Graham Hodgson and Penny Silver do not quite finish each other’s sentences, but their life partnership has seen them build a successful business and maintain a sense of humour while doing it.
After four decades the husband and wife chiropractors have called time as owner-operators of the Rich River Chiropractic Centre on Hare St, Echuca.
And stepping into the rather large shoes is Tia Deoki, who has reopened the business as Echuca Chiropractic Life, as its chief chiropractor.
Tia has been in Darwin with the Chiropractic Life organisation for the past six months and in the past four weeks has worked her way into a routine at the Echuca clinic.
For the past 12 months Graham and Penny have had an extremely popular foil to their own personalities in the form of their pet (and proxy grandchild), Marly the rather large German short-haired pointer.
“A lot of people will miss Marly,” Penny said.
“People would ring up and say, ‘is Marly there this afternoon. Oh good, I’ll have an appointment with Graham’.”
But meeting the couple for the first time, it is clear the clinic would have been an entertaining place even without Marly’s presence.
Conversation flows easily with the Hodgsons and half an hour was gobbled up before I knew it.
Most of it was spent laughing at Graham’s range of stories and dad jokes, along with Penny’s redirection.
It is clear Graham is known and appreciated for much more than his humour and hard thumbs.
He spent years as a horse trainer and in a variety of sport coaching roles.
Graham and Penny met at what was known as the International College of Chiropractors in 1978, where they were among the fourth intake of students for the medical discipline.
Graham was a qualified teacher before cramming six years of study into five alongside Penny at the college.
Prior to the late 1970s chiropractic practitioners were trained overseas.
After graduating, both practiced in Melbourne for a few years. Graham went into his own clinic in Hartwell while Penny worked for clinics in Upwey and Glen Waverley while also doing locum work.
“We bought the business, Rich River Chiropractic Centre from a couple who had just started it,” Graham said.
“It had two locations. One in Dr Ahern’s old medical clinic and the other in Gillies St, Rochester.
“That was in 1985. In 2003 they bought the current practice location at 22 Hare St, Echuca.
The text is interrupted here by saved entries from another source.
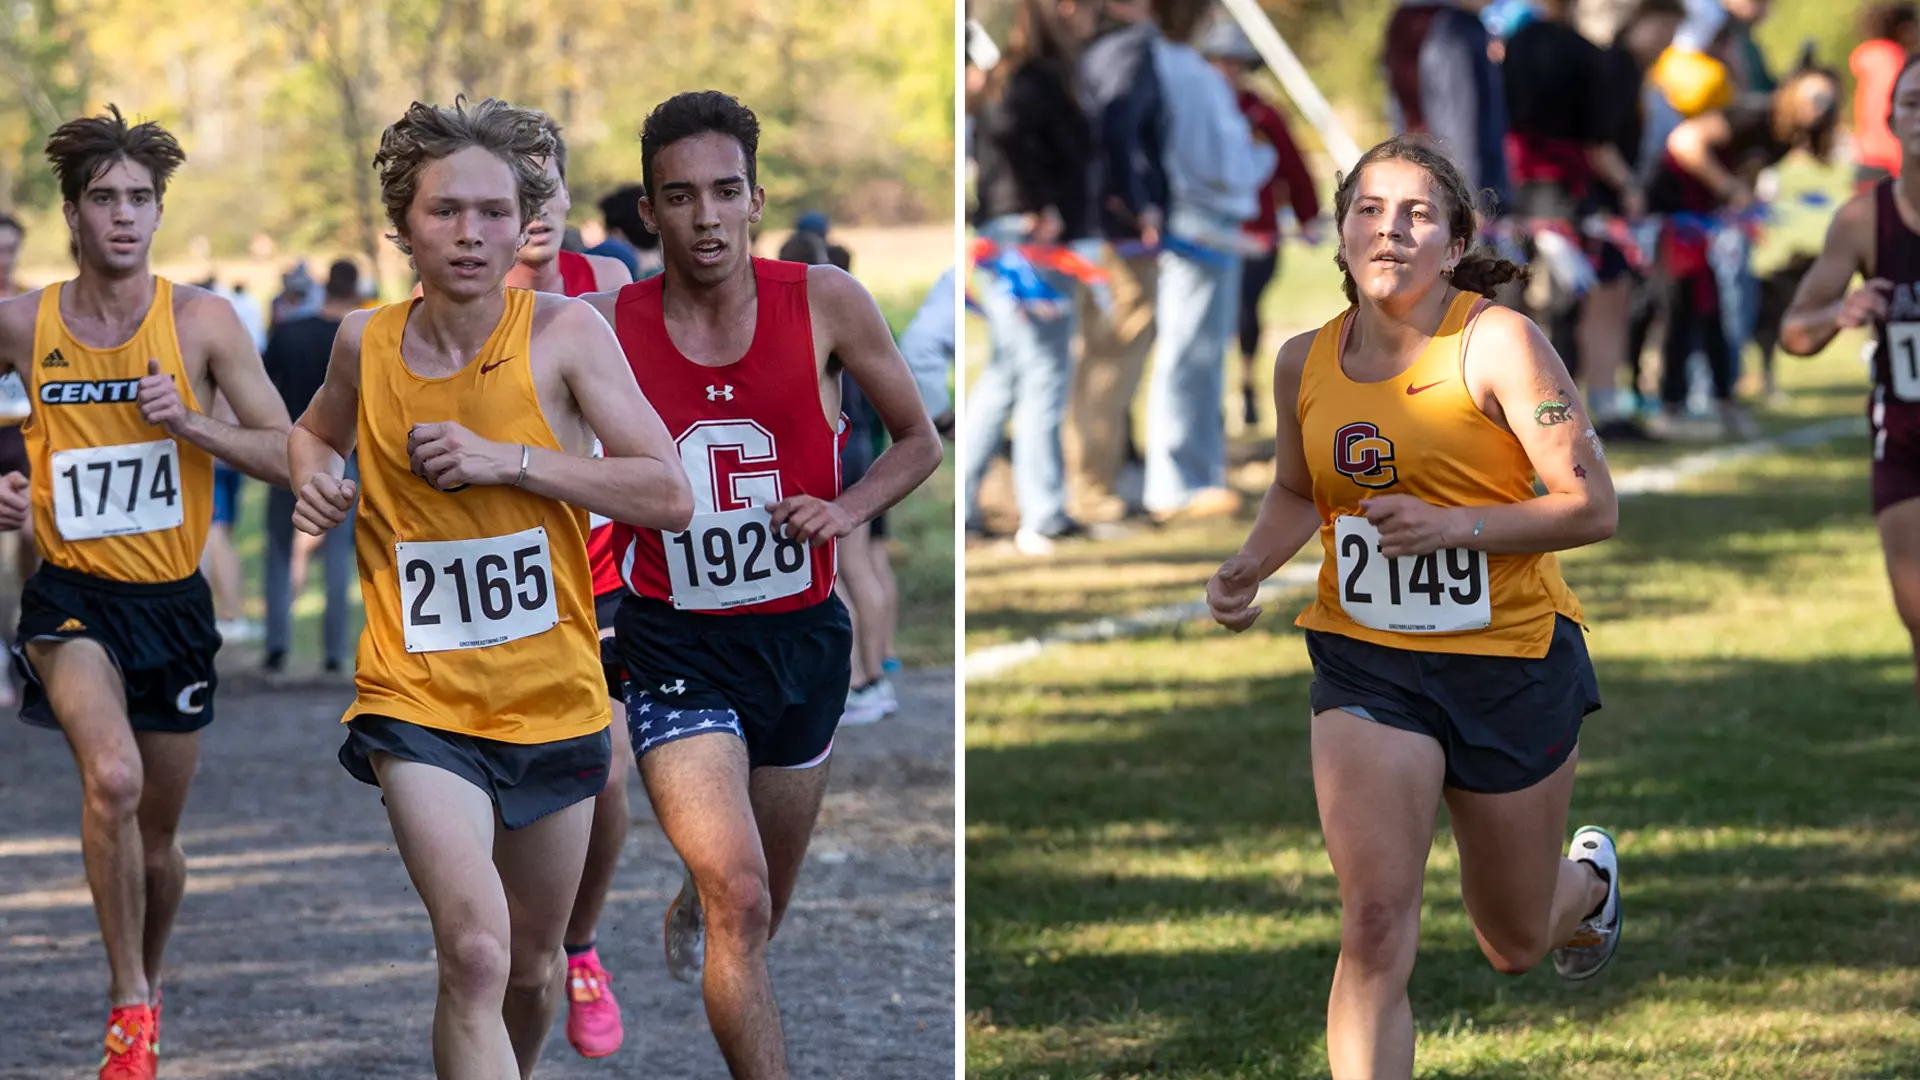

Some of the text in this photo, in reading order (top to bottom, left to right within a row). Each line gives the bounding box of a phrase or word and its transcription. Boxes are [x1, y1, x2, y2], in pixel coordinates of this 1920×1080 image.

[62, 453, 178, 518] 1774
[674, 418, 784, 514] G
[1334, 422, 1399, 489] CC
[405, 545, 548, 627] 2165
[673, 521, 805, 588] 1928
[1341, 533, 1482, 606] 2149
[176, 681, 208, 714] C
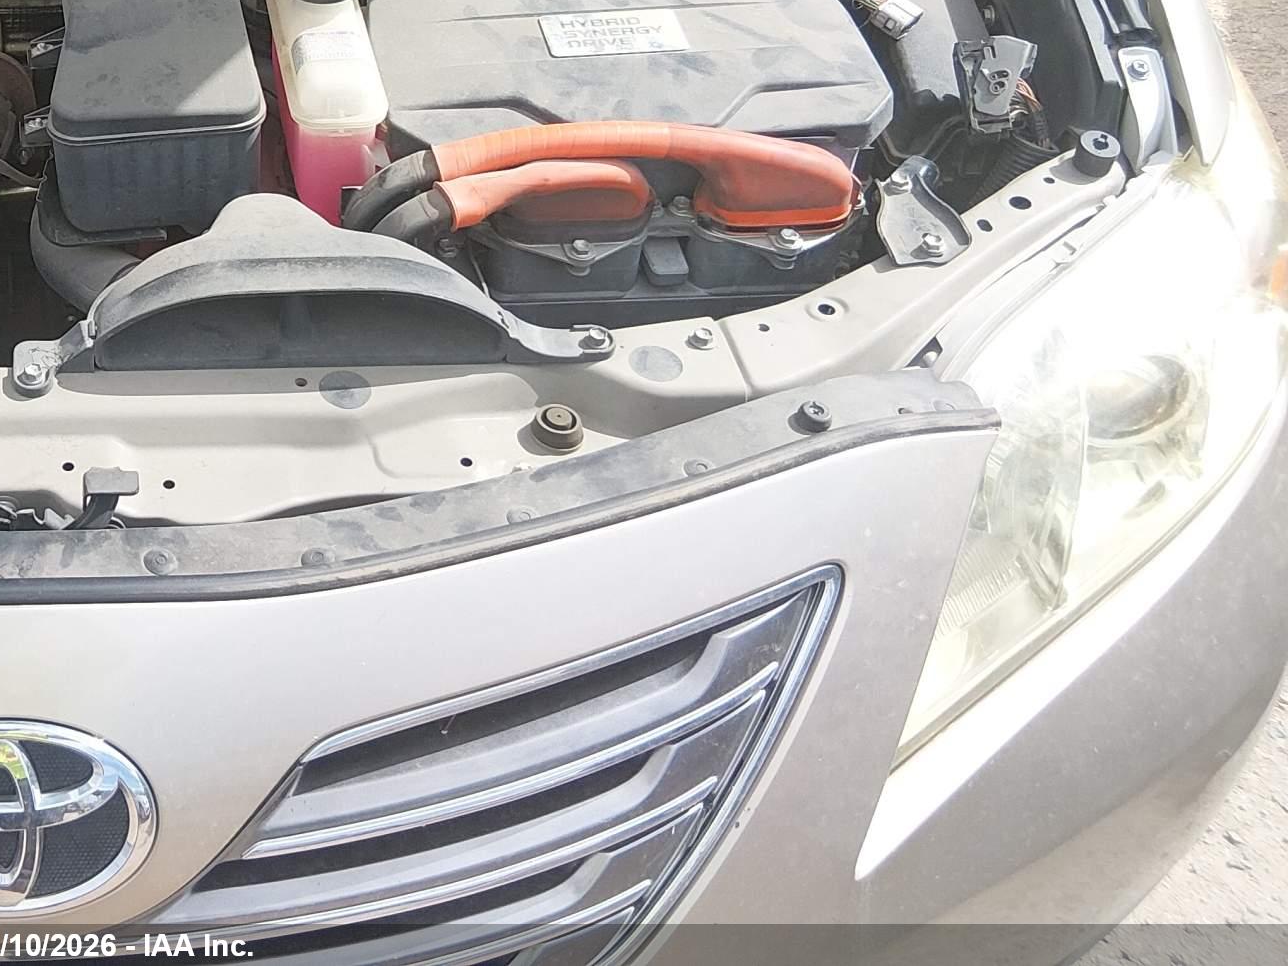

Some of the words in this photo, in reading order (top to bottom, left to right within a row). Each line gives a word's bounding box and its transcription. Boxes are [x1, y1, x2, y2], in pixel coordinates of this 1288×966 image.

[559, 16, 641, 29] HYBRID
[562, 25, 663, 38] SYNERGY
[566, 36, 633, 49] DRIVE
“We ran clinics for 35 years in Rochester in Gillies St and then Mackay St, and moved into rooms at the new hospital after the flood of 2011.”
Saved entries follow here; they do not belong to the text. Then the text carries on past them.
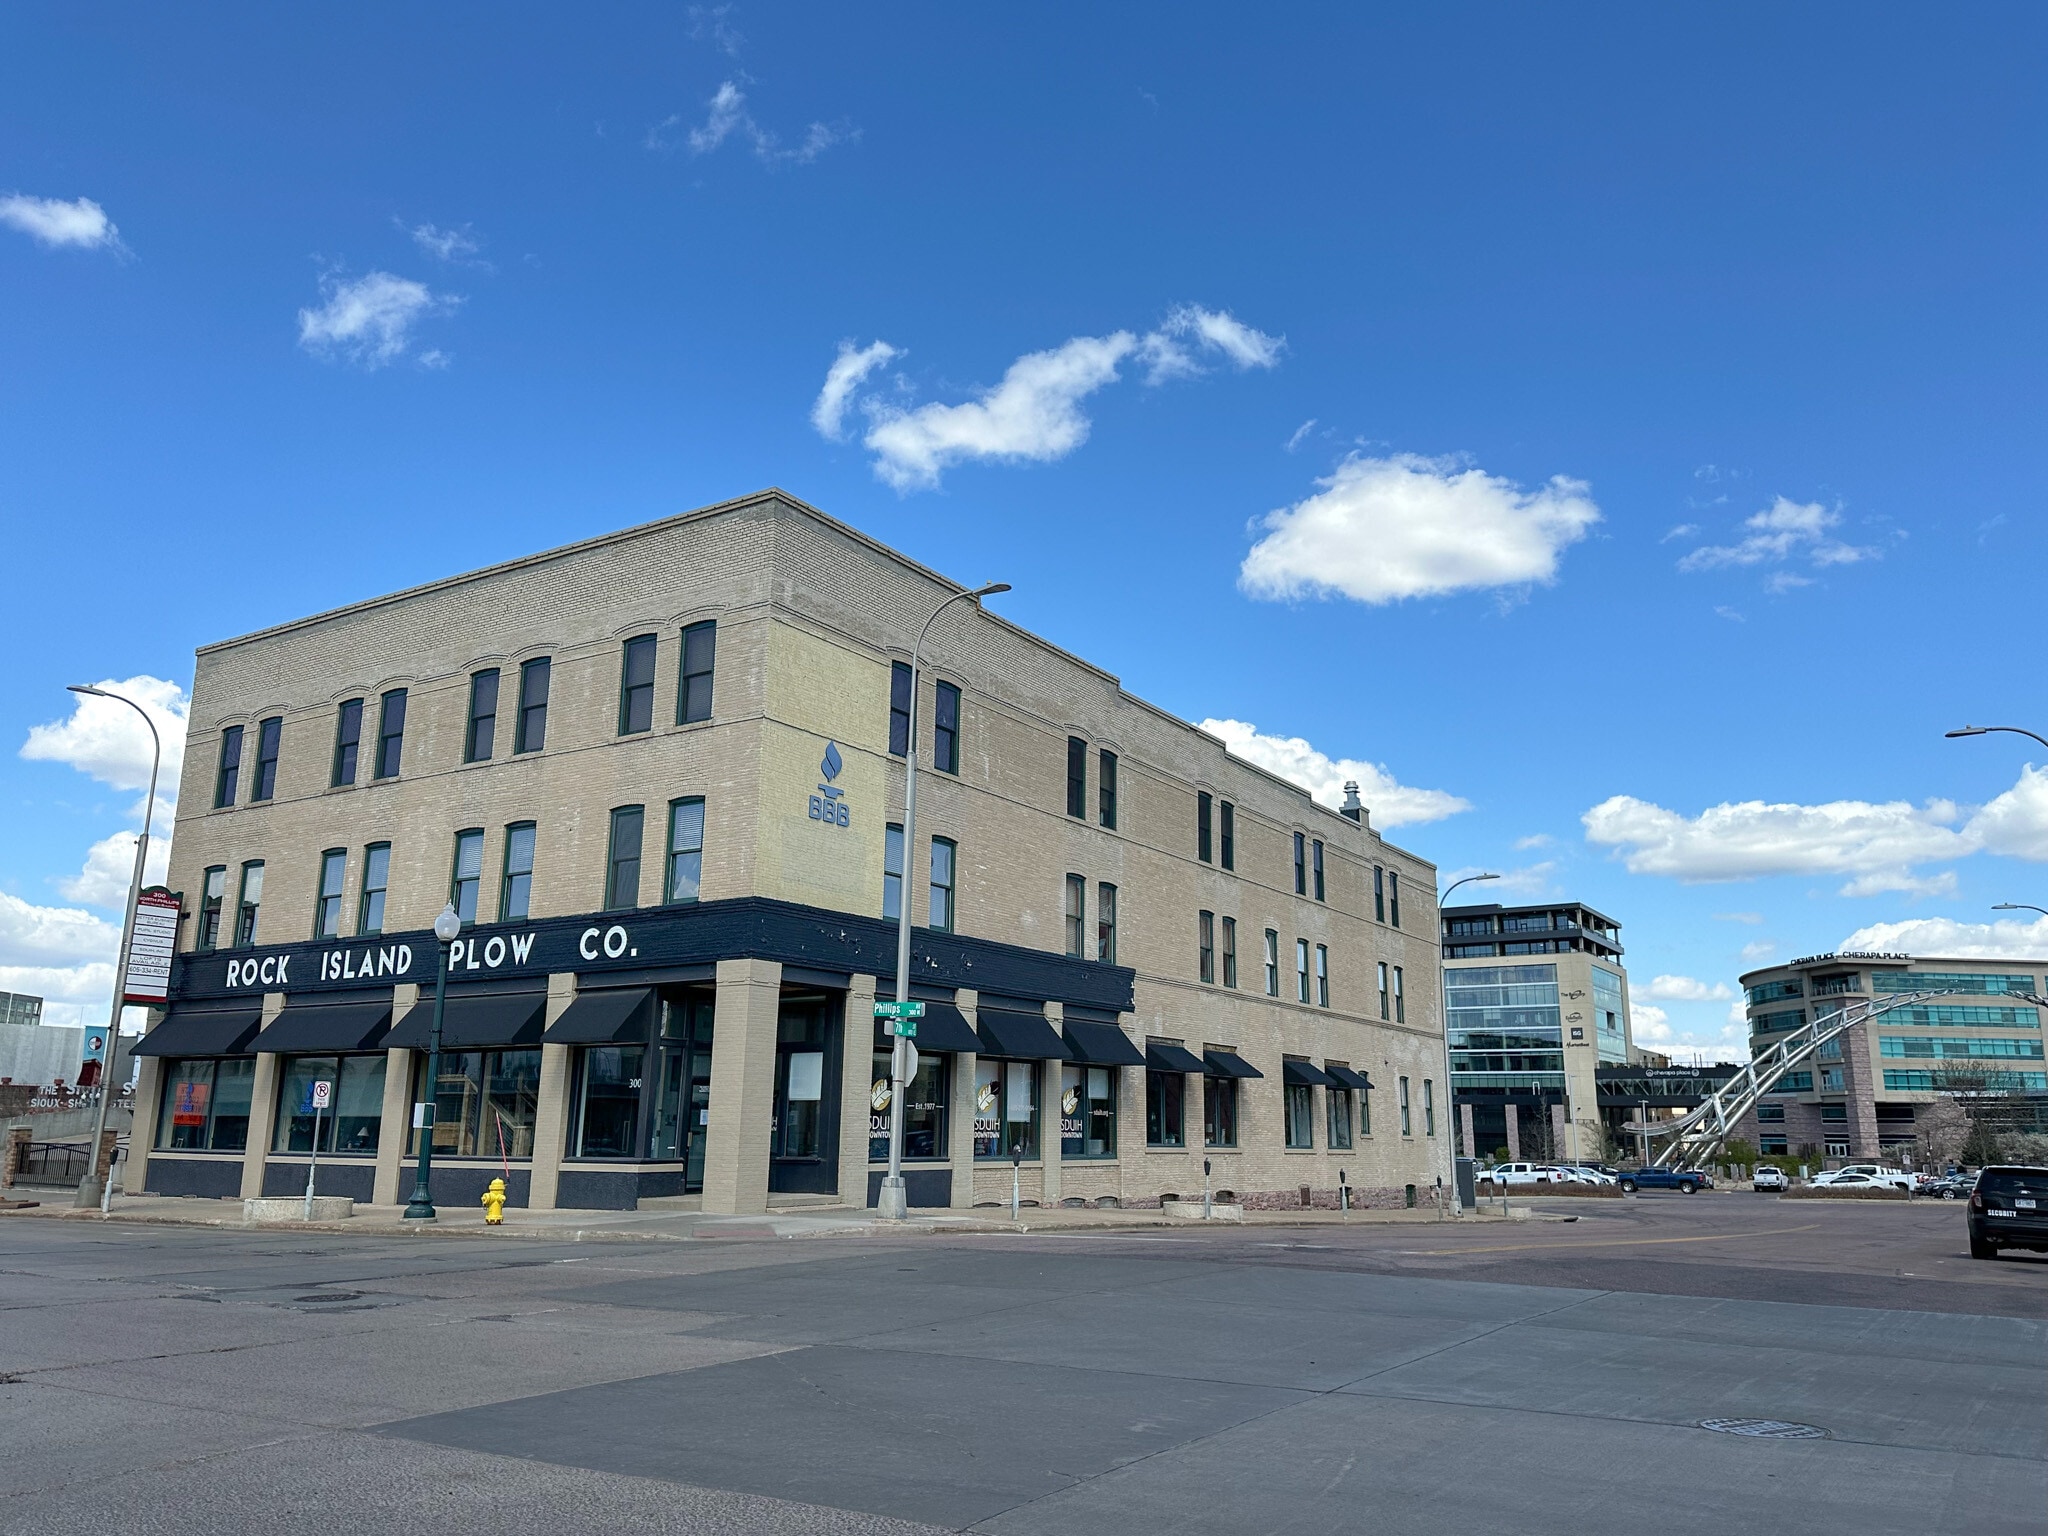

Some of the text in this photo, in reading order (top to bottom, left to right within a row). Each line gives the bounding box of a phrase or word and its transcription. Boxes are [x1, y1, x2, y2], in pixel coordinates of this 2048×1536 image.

[809, 795, 849, 827] BBB
[226, 925, 637, 987] ROCK ISLAND PLOW CO.
[1843, 951, 1909, 960] CHERAPA PLACE
[874, 1003, 901, 1016] Phillips
[629, 1079, 642, 1088] 300
[40, 1086, 59, 1095] THE
[974, 1118, 1000, 1130] SDUIH
[974, 1131, 1000, 1139] DOWNTOWN
[1987, 1209, 2017, 1217] SECURITY
About 12 months ago Penny stopped working in Rochester and has acted as administrator for the Hare St clinic.
“We had the clinic for 35 years in Rochester, but I moved into the hospital after the flood of 2011,” she said.
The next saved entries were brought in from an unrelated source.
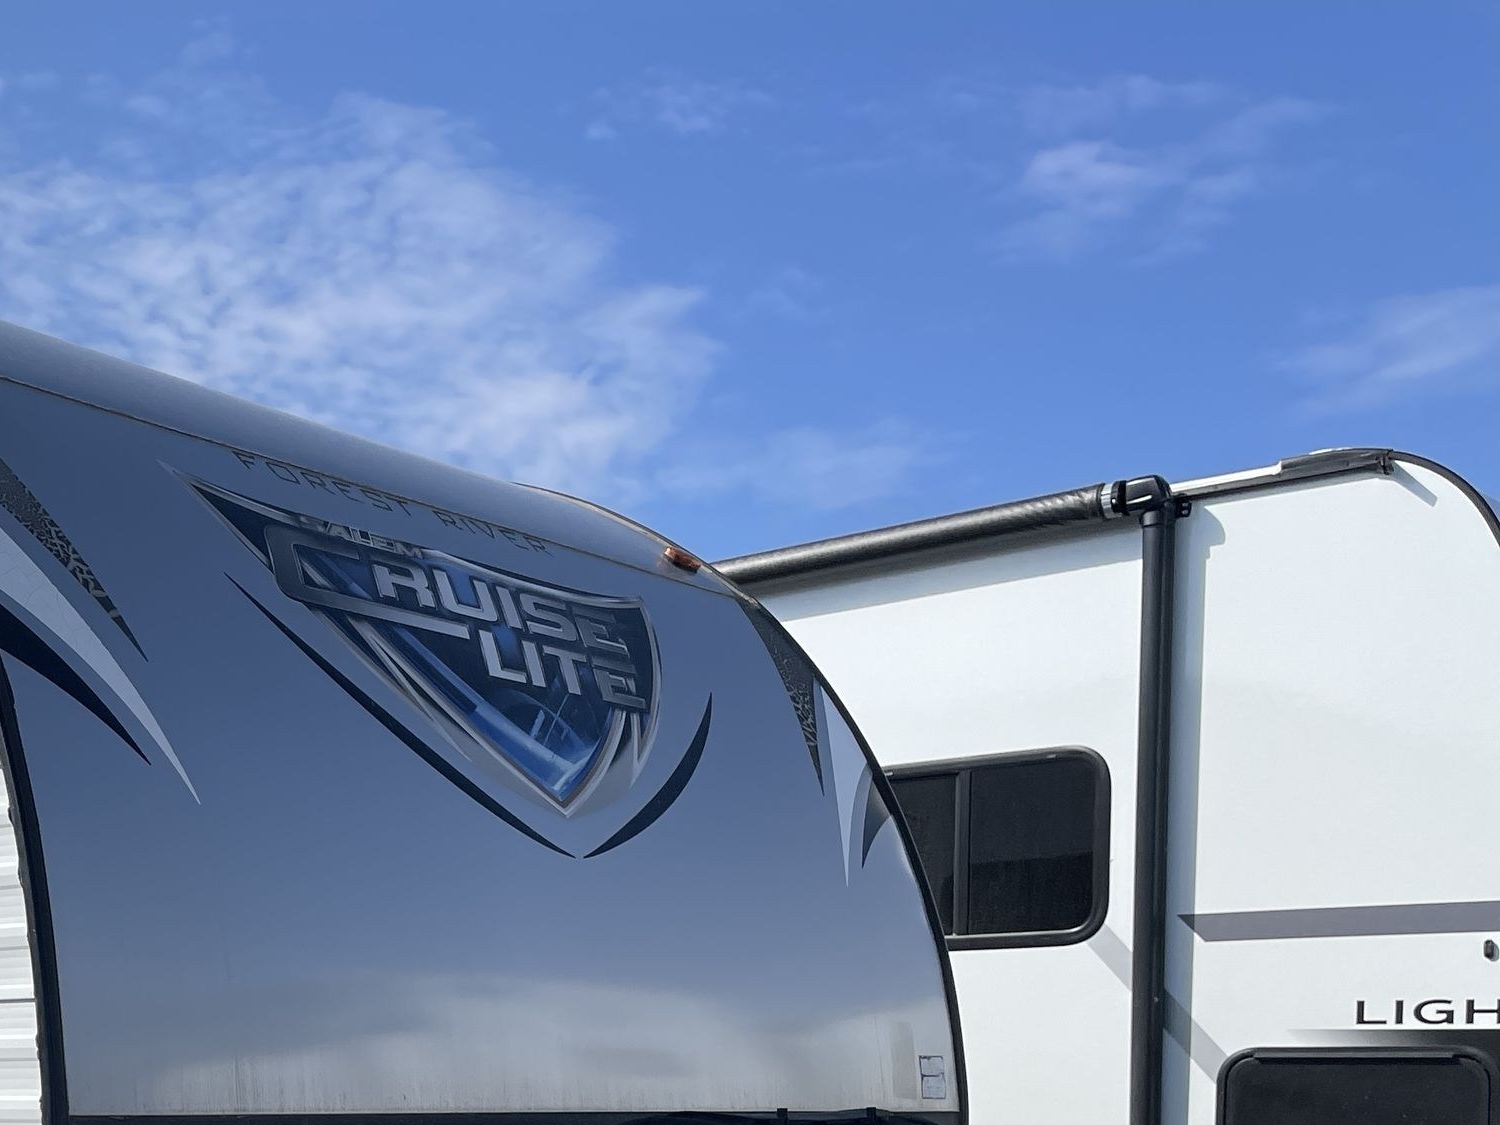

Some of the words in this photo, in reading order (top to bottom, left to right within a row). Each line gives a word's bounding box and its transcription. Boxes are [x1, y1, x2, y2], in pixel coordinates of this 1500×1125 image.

[232, 450, 412, 516] FOREST
[432, 509, 555, 557] RIVER
[300, 515, 424, 559] SALEM
[264, 525, 630, 656] CRUISE
[479, 629, 647, 710] LITE
[1356, 998, 1500, 1025] LIGH
Between the husband and wife team they estimate they have had between 250,000 and 300,000 different heads between their hands, performing manipulations to release tension and pain.
They have also treated pets and stock animals, with Graham having animal chiropractic qualifications.
“It came in handy with my horse training,” he said.
They paid tribute to their many front office staff from across the four decades of operation.
“We’ve had some really good reception staff in both Echuca and Rochester over the years who made our job much easier,” Penny said.
“In Rochester, we were lucky enough to inherit Maureen Kennedy when we bought the business followed by Dianne Robinson who walked in to make an appointment and walked out with a job (at both the Rochester and Echuca clinics).
“Next came Kay Franklin (Maureen’s daughter) and Carole Ciavarella.
“At the Echuca clinic Robyn Dixon was our first receptionist and more recently Julie Rowbottom.
“The unrelated Dianne Robinson and Olivia Robinson have been our longest-serving employees with Di also contributing significantly by keeping the business side of things running smoothly.”
Penny and Graham are big on names.
“We’ve had a number of terrific masseuses for the past six years, with Mel Roberts doing the great majority of that time.”
The pair has always been involved in community activities and that will not change.
Through their two sons, Rick and Nathan, they were involved in a lot of junior sport, basketball, football and soccer, as well as the arts, which Penny also has a passion for (many of her paintings have hung in the clinics).
While Penny will devote more time to being outdoors, her art and volunteering at the Foundry Arts Space, her golf-loving husband has some goals to improve his handicap (currently at eight).
In summing up their professional experiences the couple agreed just being able to improve people’s quality of life was a highlight.
“We’ve been very lucky working with a wonderful group of clients for so long. Probably my one regret is that you can’t fix everybody,” Graham said.
Penny said the couple had seen clients from their childhood through to grandparent status at the clinic and shared a long health journey.
“We just hope now that people will give Tia the chance to continue the work we have done as she takes over the practice and we leave with some wonderful memories of the friendships we have been lucky enough to forge with a wide range of people who have attended as patients over the years,” Graham said.